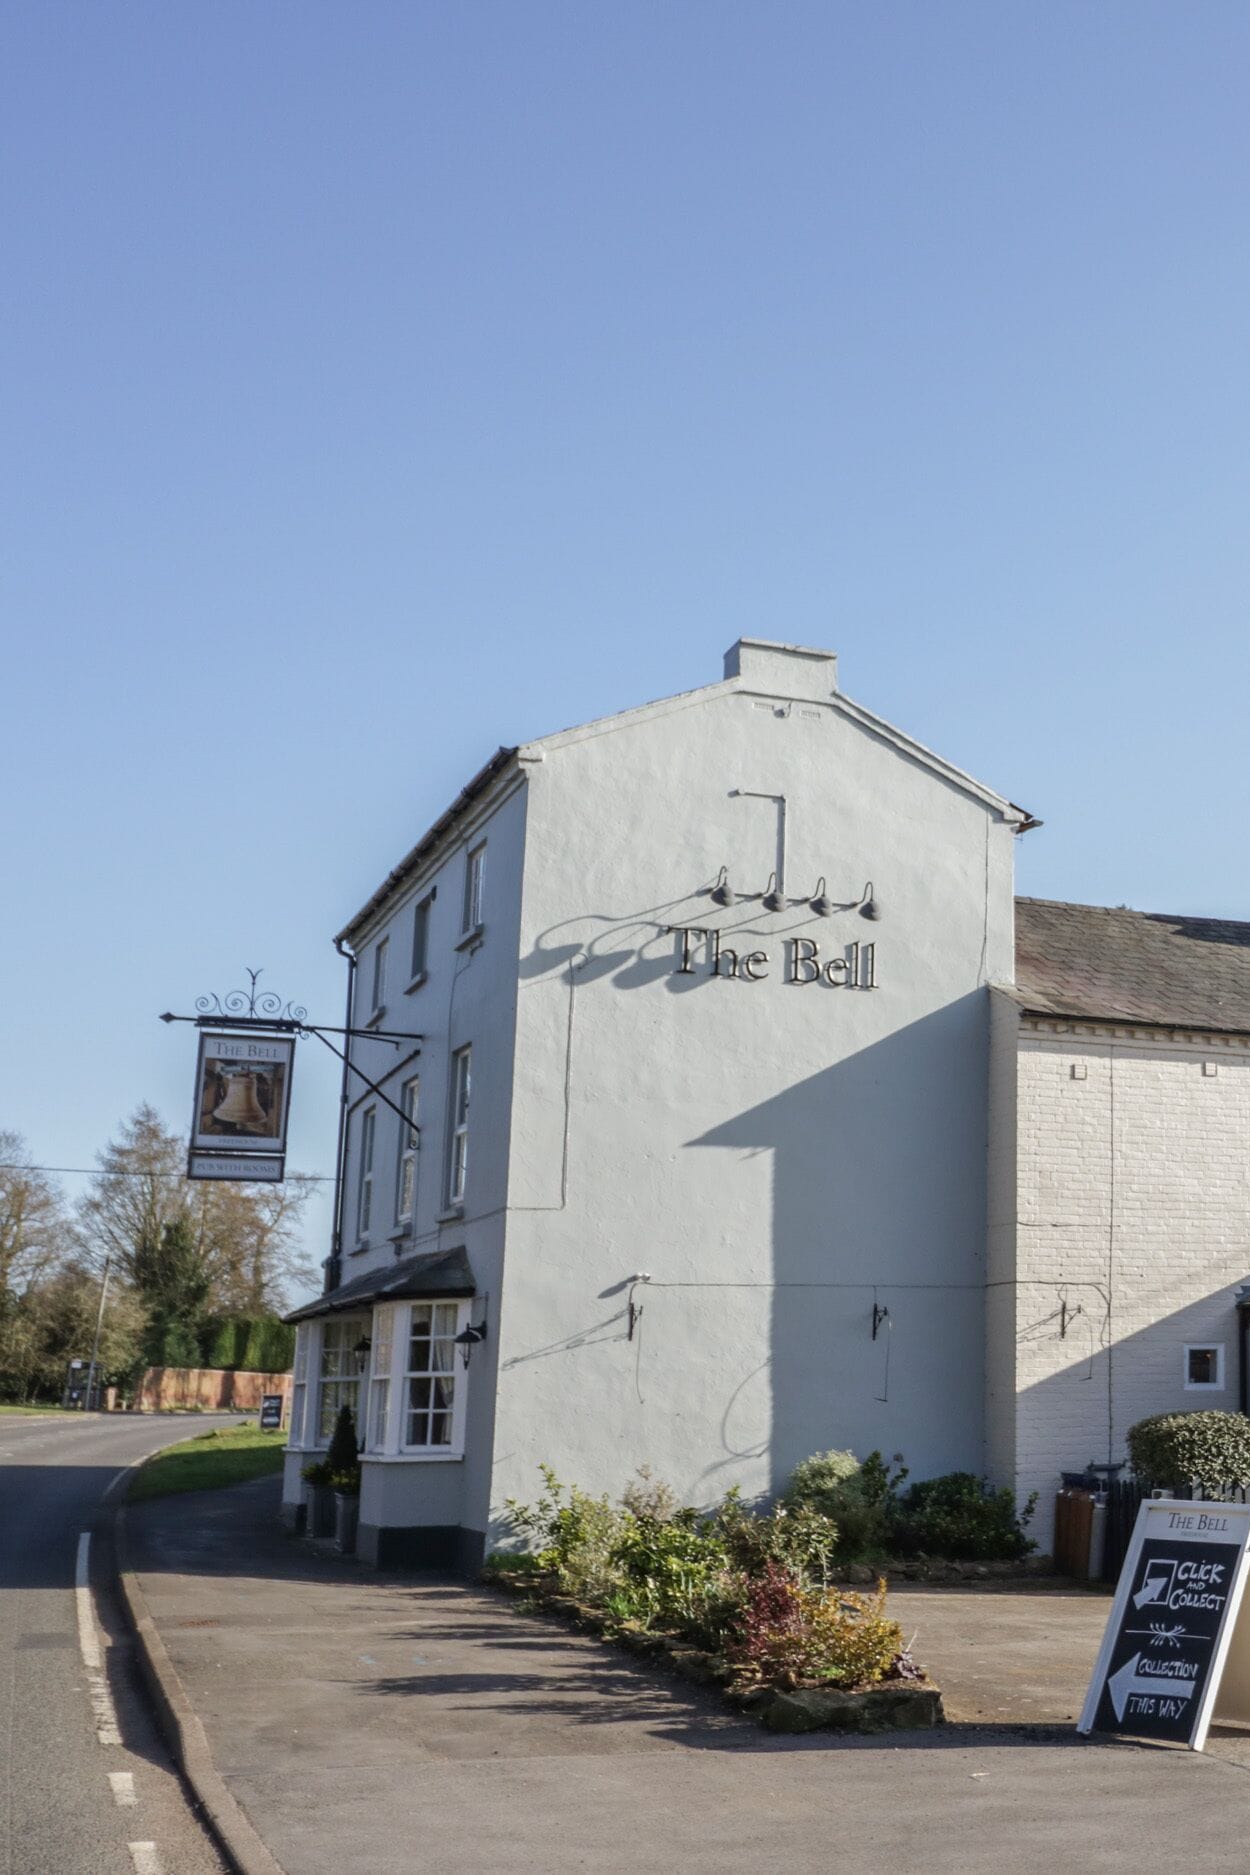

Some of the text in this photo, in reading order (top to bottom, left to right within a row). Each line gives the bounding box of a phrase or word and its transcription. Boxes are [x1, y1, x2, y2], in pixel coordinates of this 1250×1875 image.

[666, 925, 879, 989] The Bell
[213, 1041, 278, 1058] THE BELL
[1168, 1512, 1229, 1531] THE BELL
[1186, 1581, 1205, 1590] AND
[1169, 1589, 1225, 1610] COLLECT
[1130, 1696, 1188, 1720] THIS WAY
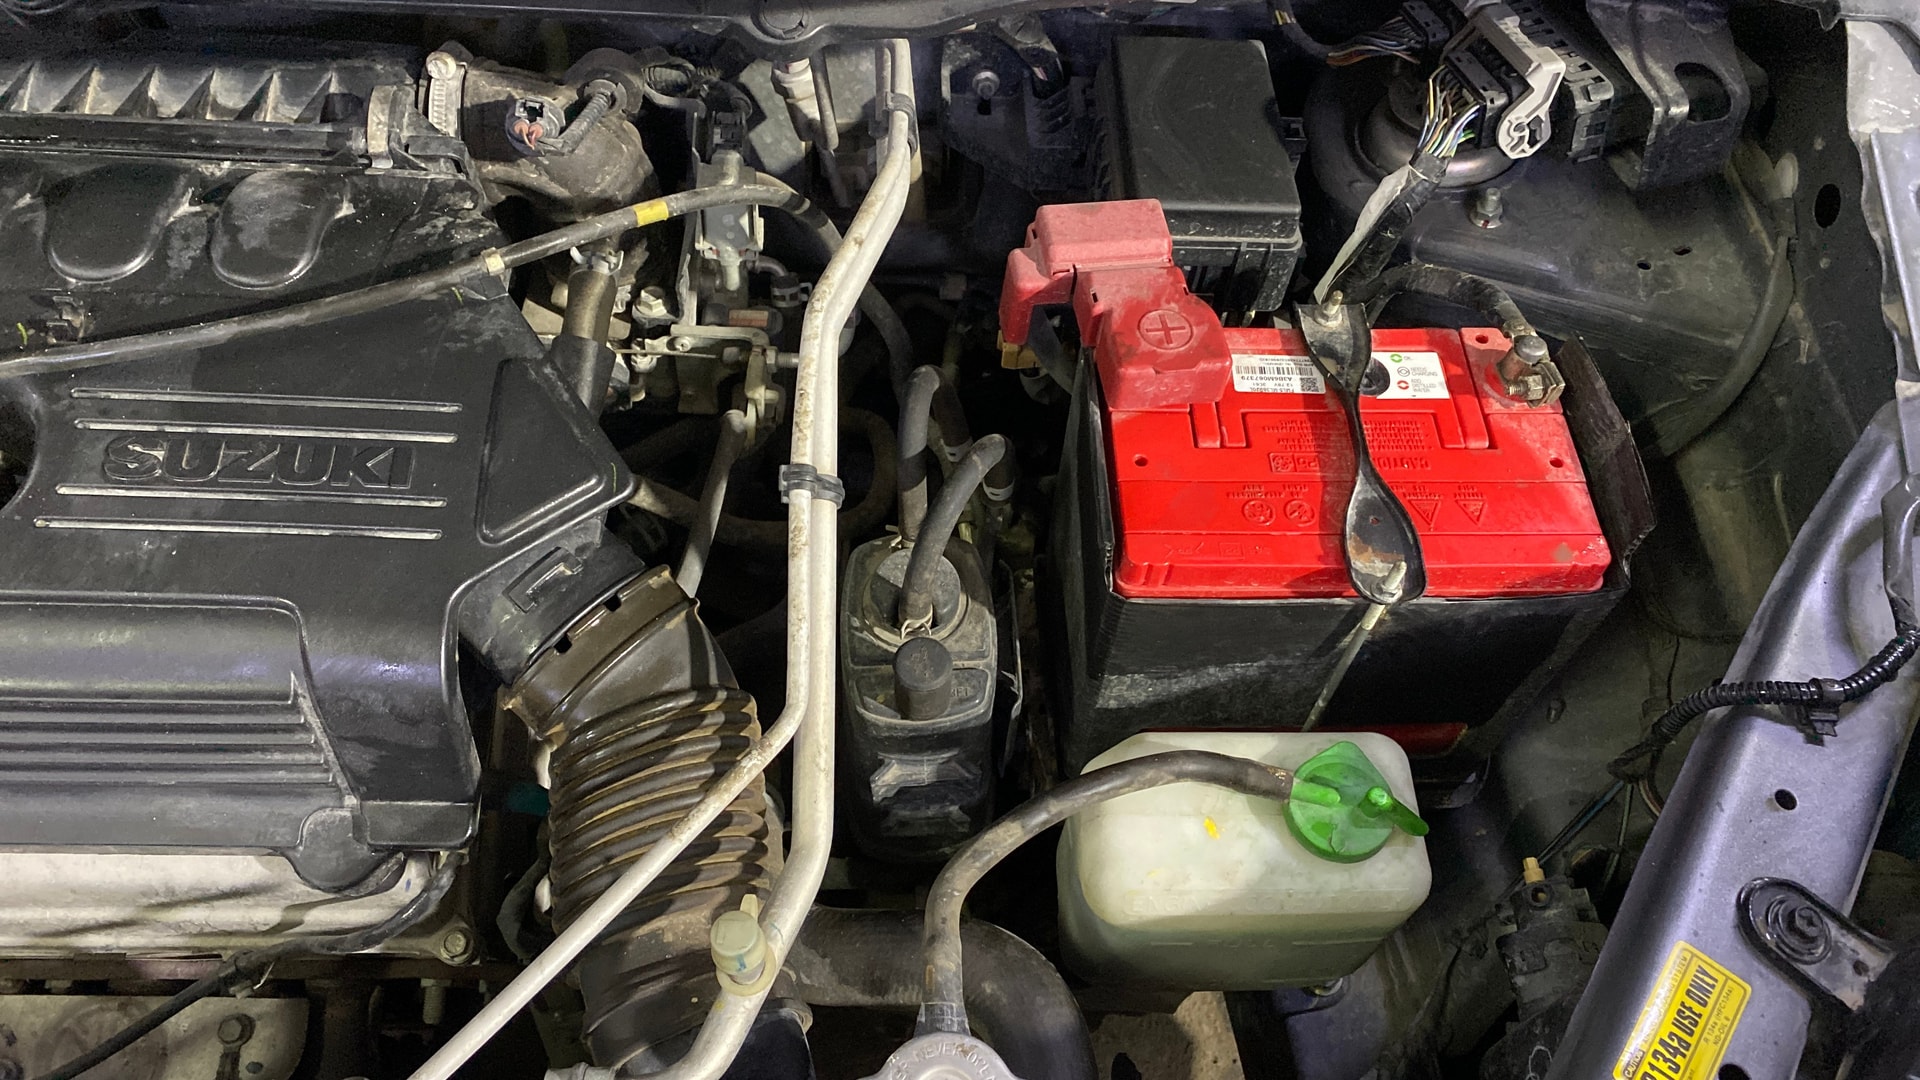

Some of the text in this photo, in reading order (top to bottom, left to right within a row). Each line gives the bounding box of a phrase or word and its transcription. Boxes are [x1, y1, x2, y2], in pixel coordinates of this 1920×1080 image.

[103, 435, 414, 489] SUZUKI
[1685, 965, 1719, 1009] ONLY
[1670, 1000, 1703, 1038] USE
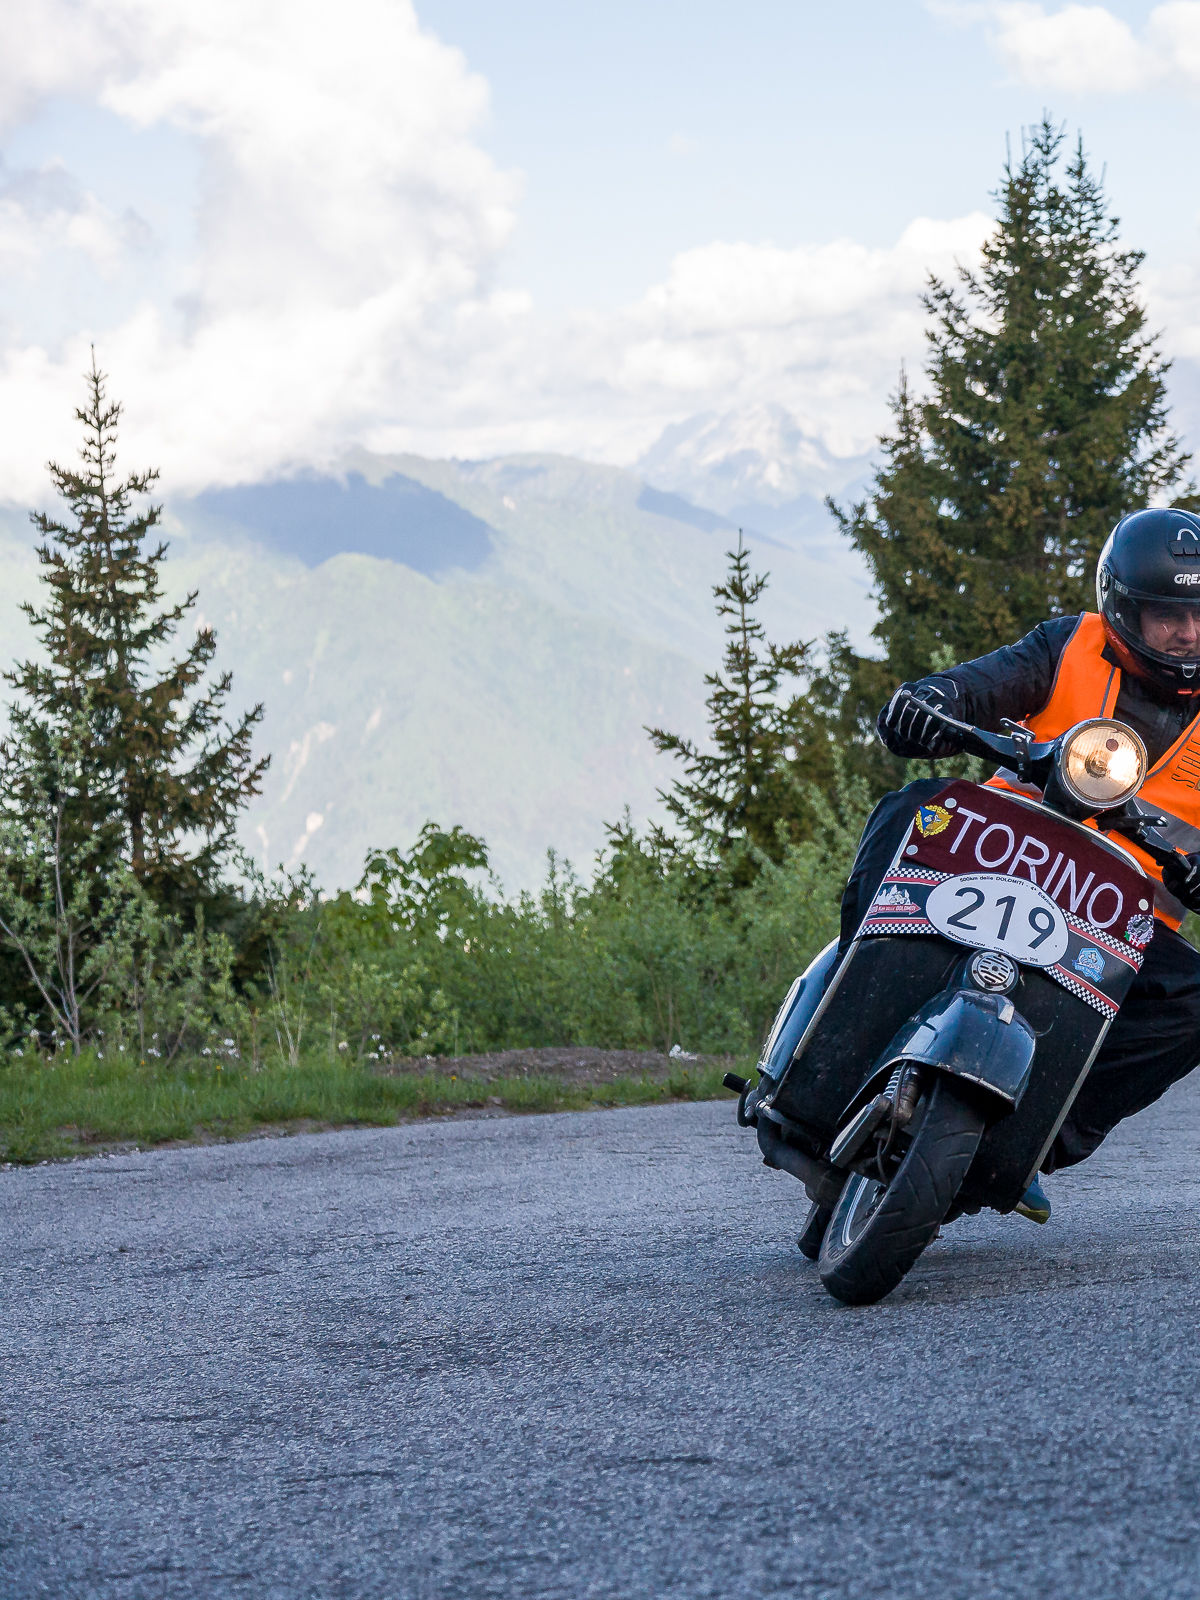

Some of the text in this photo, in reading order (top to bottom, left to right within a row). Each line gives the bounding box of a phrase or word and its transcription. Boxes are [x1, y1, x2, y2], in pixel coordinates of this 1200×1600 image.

[949, 806, 1124, 929] TORINO
[995, 876, 1025, 887] DOLOMITI
[946, 886, 1057, 951] 219
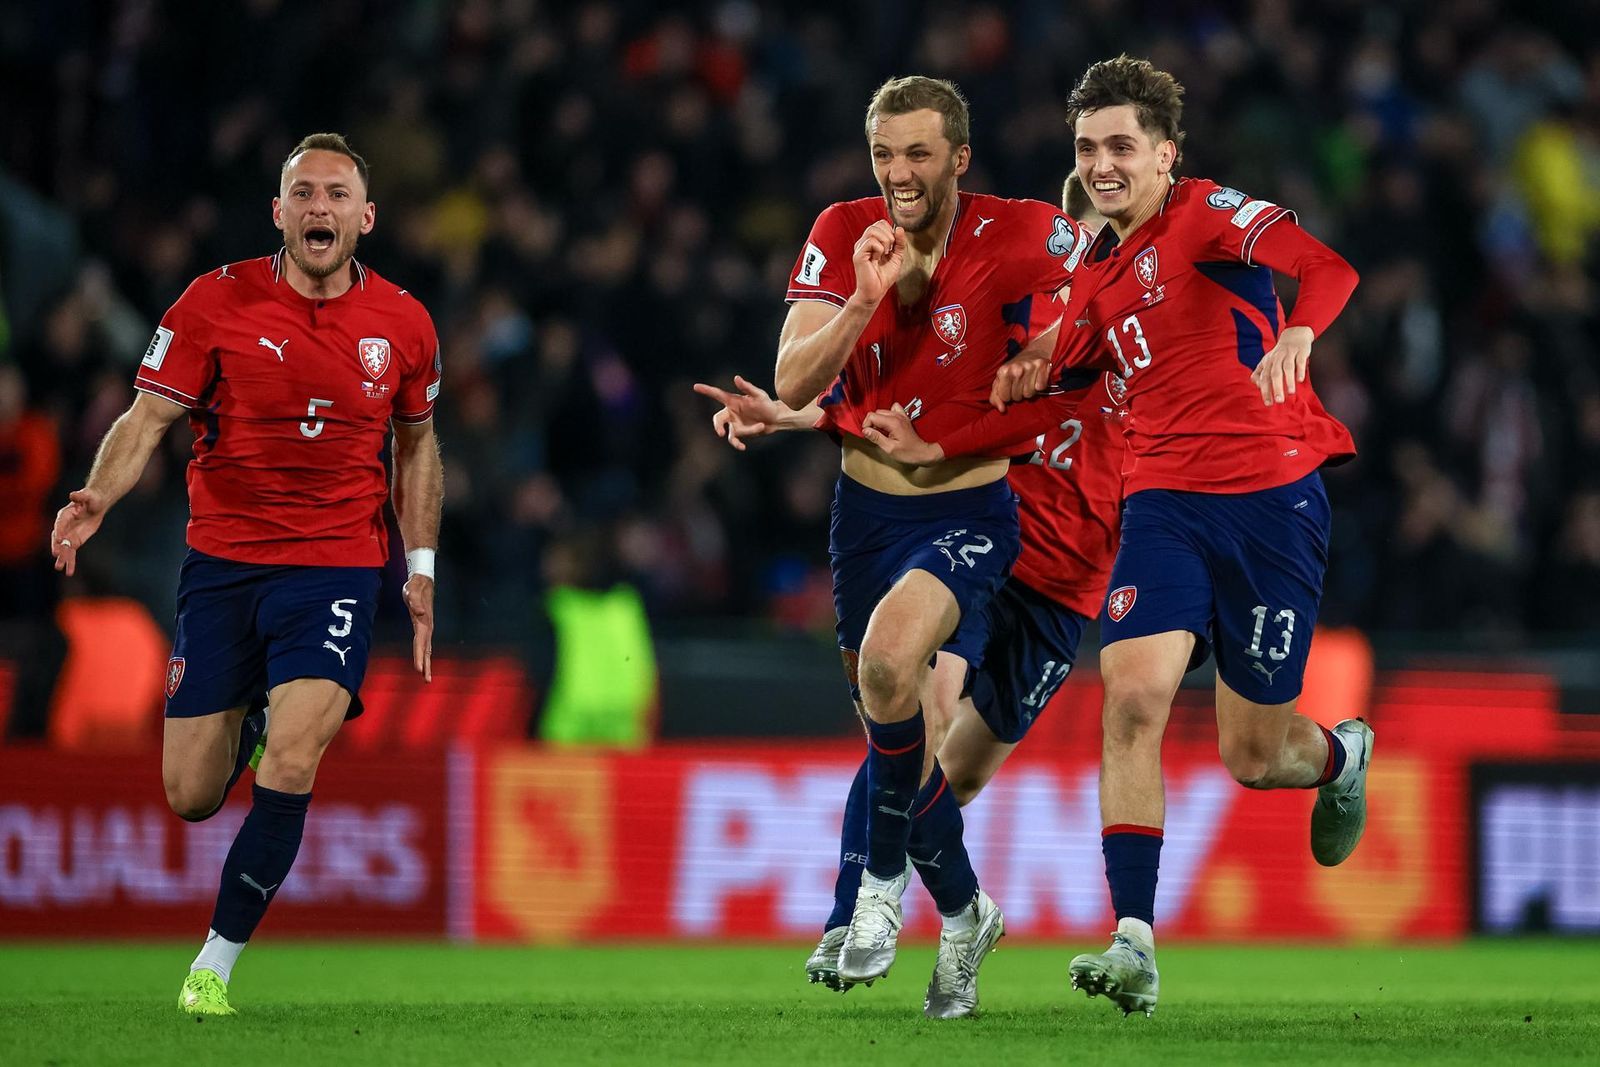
#####
Exercise aim =>
Copy each line above exactly. Images do not belong in the copy.

Answer to this task =>
Some of the text in this photo, in reading order (top to bottom, left to right within a row). Each line gives the bounding box of a phrase or word and its transcription. Boxes are [x1, y1, x2, y2], in pixel coordinates of this 1250×1875 image.

[666, 925, 879, 989] The Bell
[213, 1041, 278, 1058] THE BELL
[1168, 1512, 1229, 1531] THE BELL
[1186, 1581, 1205, 1590] AND
[1169, 1589, 1225, 1610] COLLECT
[1130, 1696, 1188, 1720] THIS WAY

Some of the text in this photo, in reading order (top to bottom, left to right within a row). Each line gives the bounding box of a phrase or word and its transcription. Boxes are [x1, y1, x2, y2], in pixel coordinates of this 1920×1080 image.

[103, 435, 414, 489] SUZUKI
[1685, 965, 1719, 1009] ONLY
[1670, 1000, 1703, 1038] USE

Some of the text in this photo, in reading order (top to bottom, left to right within a row). Each line gives the bounding box of a phrase or word and its transcription. Boxes are [x1, y1, x2, y2], in pixel coordinates of this 1200×1600 image.

[949, 806, 1124, 929] TORINO
[995, 876, 1025, 887] DOLOMITI
[946, 886, 1057, 951] 219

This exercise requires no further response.